Businesses today have the resources, knowledge and incentive to create effective strategies behind their AI implementations. Despite these capabilities, few companies take the time to do so. They acquire the physical tools to practice AI, but they often fail to put the same effort into learning why it’s valuable and what challenges AI poses.

By purchasing new technology before designing a strategy to make the most of it, companies attempting to get ahead of their industries ironically set themselves back. To correct this misguided approach, businesses must design real, actionable strategies before they let AI take the wheel.

A driverless car without a motor.

Imagine a company in the 1980s that saw the IT revolution coming but decided to build an IT strategy purely on mainframes. Even if that company’s leaders had the right general idea, the flawed execution would not have helped the business grow.

The same thing is happening today in AI. Companies need both the tools and the wisdom to use them properly. Leaders who want to stop relying on tech vendors have the good of their organizations in mind, but a lack of strategy means their initiatives amount to purchase orders.

Without consideration for use cases and applications, businesses that think AI will fix their problems risk burning out on some incredibly promising tools. To avoid that fate and design a strategy that gets the most out of the AI revolution, keep these three concepts in mind:

1. The application must fulfill a specific need.

A company’s infrastructure layer determines how AI technologies integrate with existing systems. The application layer determines how those technologies benefit your business.

IBM’s Watson is a powerful machine, but Watson itself is an infrastructure tool. Watson’s various domain arms (financial, healthcare, etc.) represent the applications of the AI. In the banking world, Watson’s robotic intellect helps bankers sniff out false positives in money laundering, reducing customer service times in the process. That’s a specific use case — a perfect example of strategic application.

Successful AI strategies tend to be niche-specific. Rather than seek AI empowerment throughout your company, identify a few key areas that could benefit from AI tools before finding the tools that fit those needs. Ensure your infrastructure can handle the integrations, filling in any gaps of your application layer.

2. The organization must understand microservices.
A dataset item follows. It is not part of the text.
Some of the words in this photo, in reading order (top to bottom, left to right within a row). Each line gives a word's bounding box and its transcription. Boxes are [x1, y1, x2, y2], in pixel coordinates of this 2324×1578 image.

Think about how AI innovation works across different layers within your company. In the infrastructure layer, containerization (also known as modularity or microservices) helps companies implement tools in specific ways without needing to adopt an entirely new infrastructure.
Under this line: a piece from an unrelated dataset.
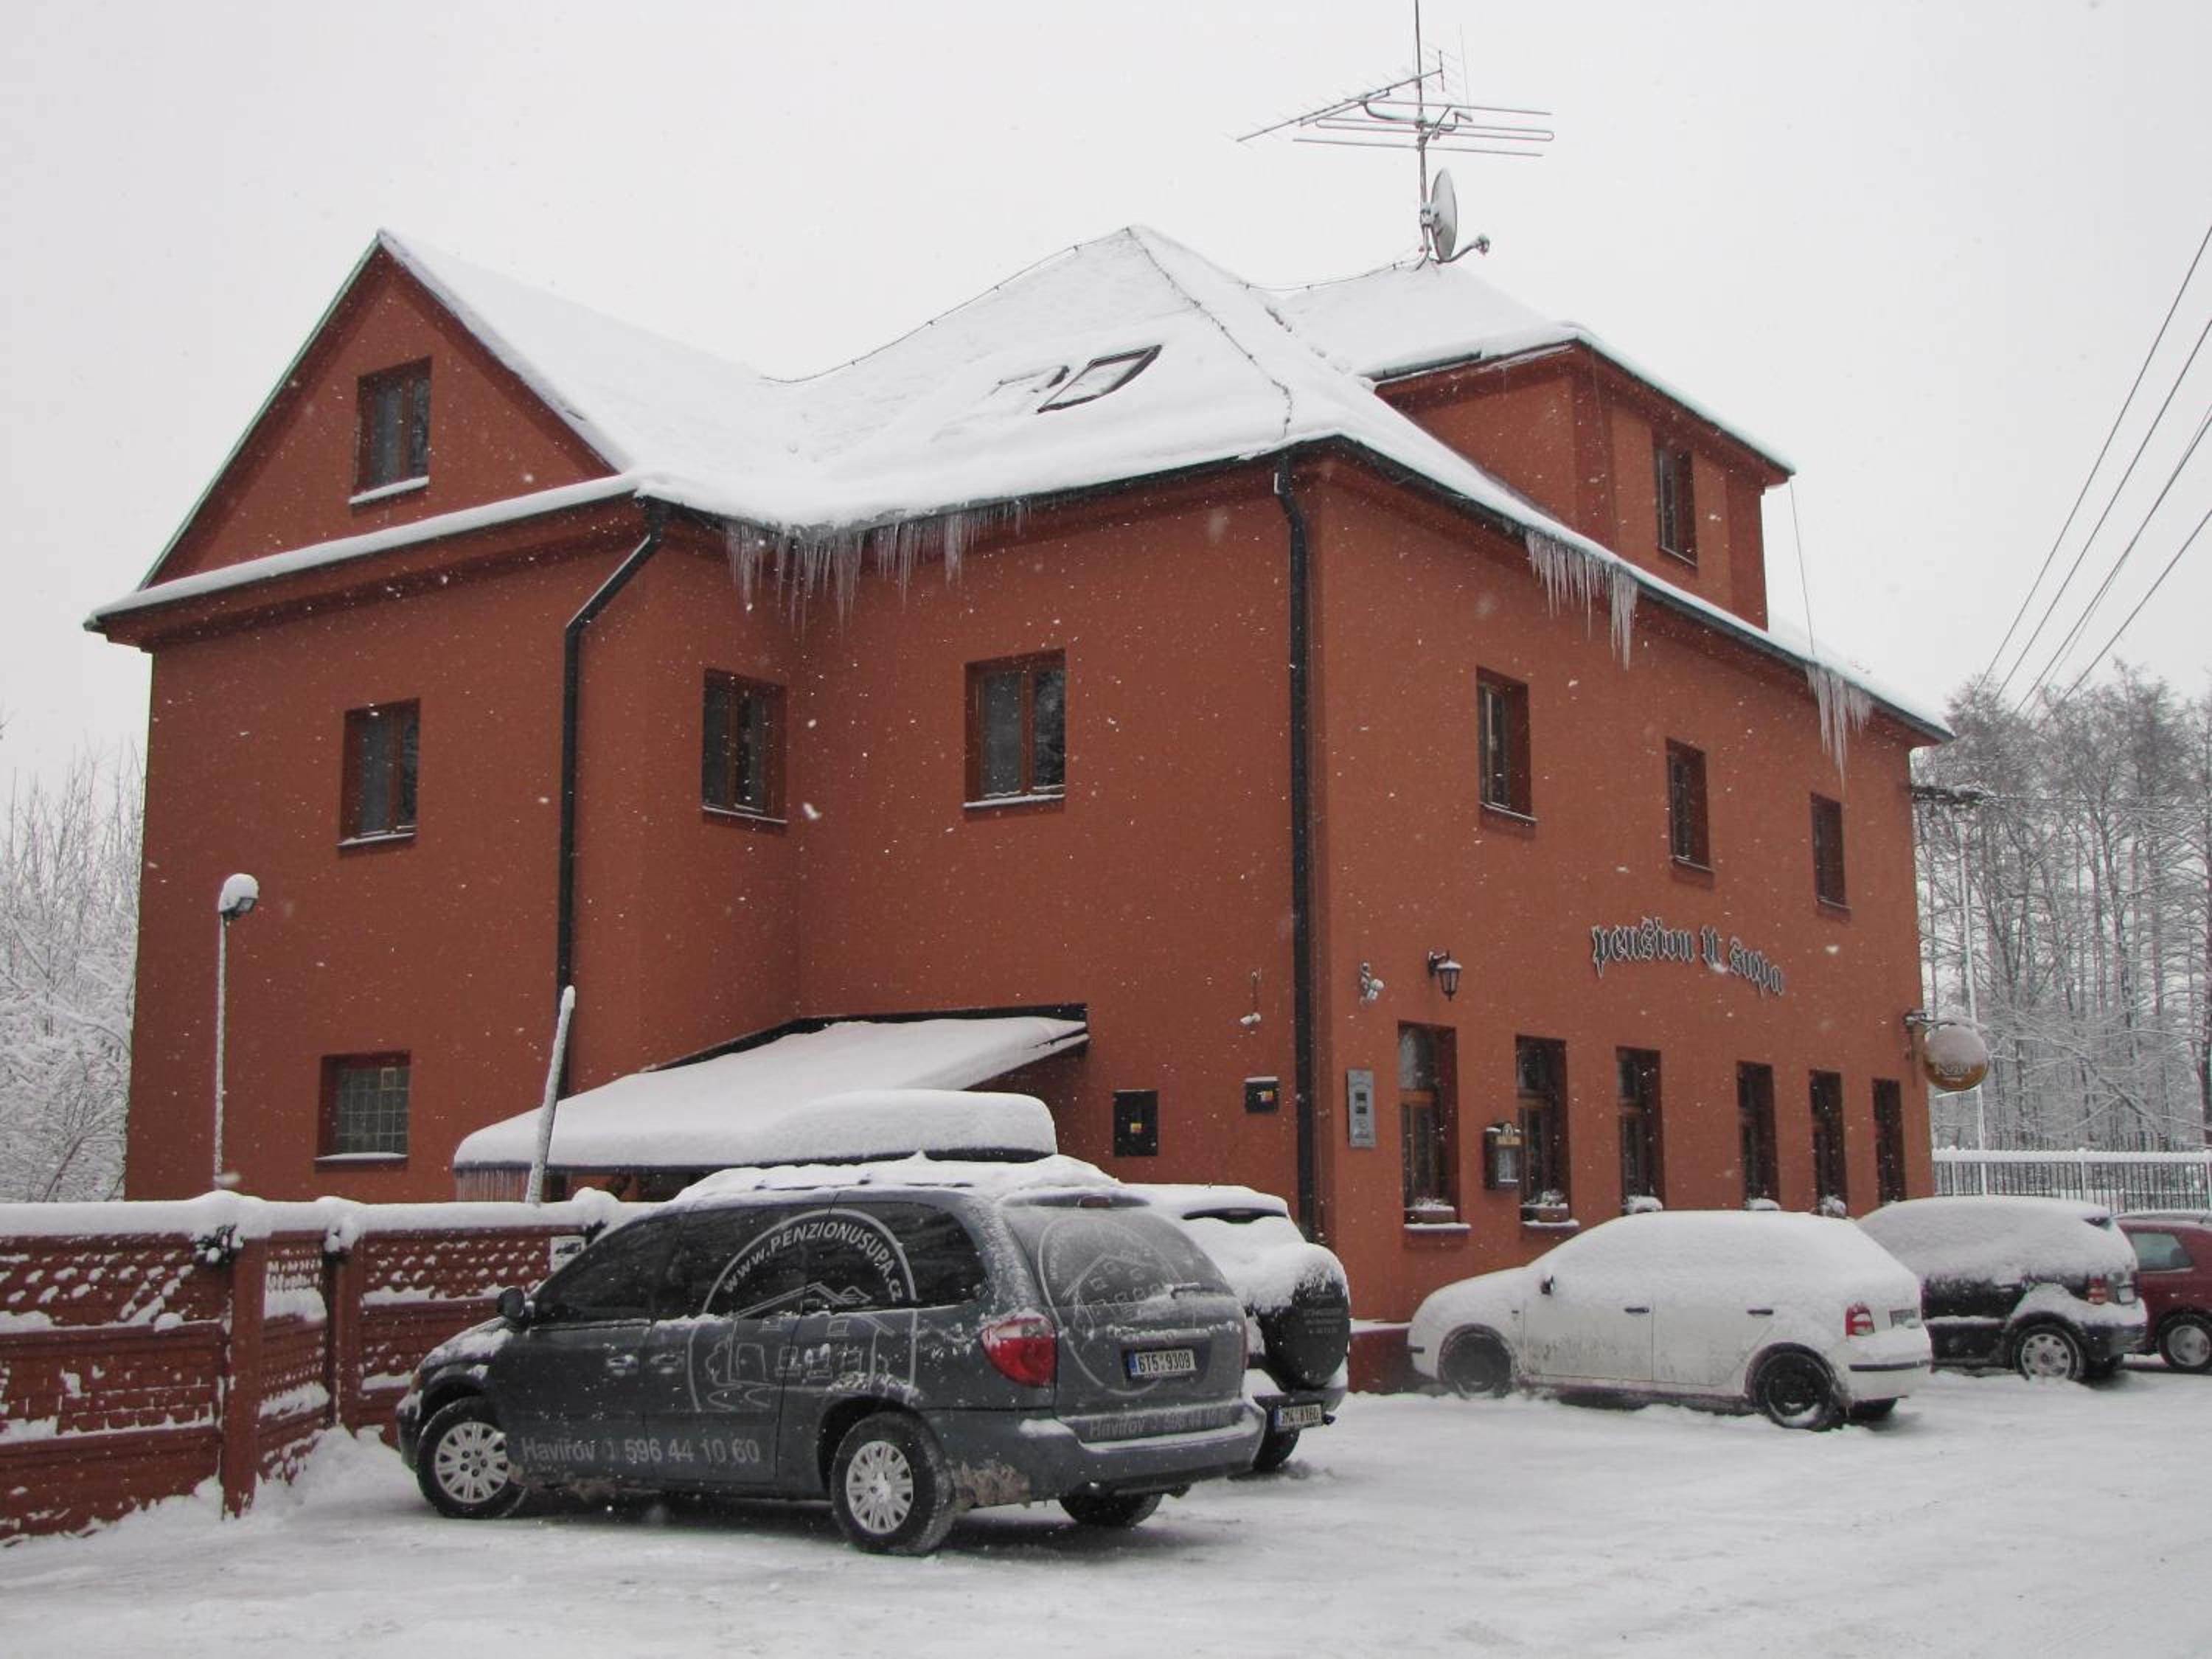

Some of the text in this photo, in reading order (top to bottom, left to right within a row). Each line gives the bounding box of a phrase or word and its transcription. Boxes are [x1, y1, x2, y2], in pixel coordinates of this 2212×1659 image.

[625, 1437, 662, 1464] 596
[668, 1438, 695, 1463] 44
[700, 1438, 727, 1464] 10
[731, 1438, 760, 1464] 60
IBM’s Open Banking Platform acts as a plug-and-play option for existing financial institutions to integrate microservices into their operations. Such a solution lets participating banks leverage microservices as cloud APIs to nurture fintech collaboration, streamline processes and build new revenue streams.

AI does not operate like other tech tools. Don’t look at the existing system and say, “Any AI that comes in must be able to work with this system.” Instead, look to the market with a system-agnostic approach. Find opportunities for new tools to come in and fix specific problems within your organization.

3. The tools must be real AI, not data scientists.

Data is everywhere in today’s market. Fifty-seven percent of respondents to a MicroStrategy study say they streamline their decision-making via data. Real AI uses data, but it doesn’t need a trial period and access to your company’s databases to prove its worth.

If a vendor comes forward and asks for access to data and a week (or a month) to generate insights based on that information, that vendor is not a true AI vendor. In reality, groups like these are just data consultants doing professional services work.

Good AI vendors empower their clients with general infrastructure and niche applications. They don’t care where the data comes from. Quality vendors should have no problem normalizing, unifying and using data to deliver actionable information.

Just because a company uses AI does not mean it benefits from those advanced tools. True AI empowerment arises from an action-specific strategy rather than the purchase of a tool that claims to do it all. Consider the long-term, real-world ramifications of AI investments before making the leap.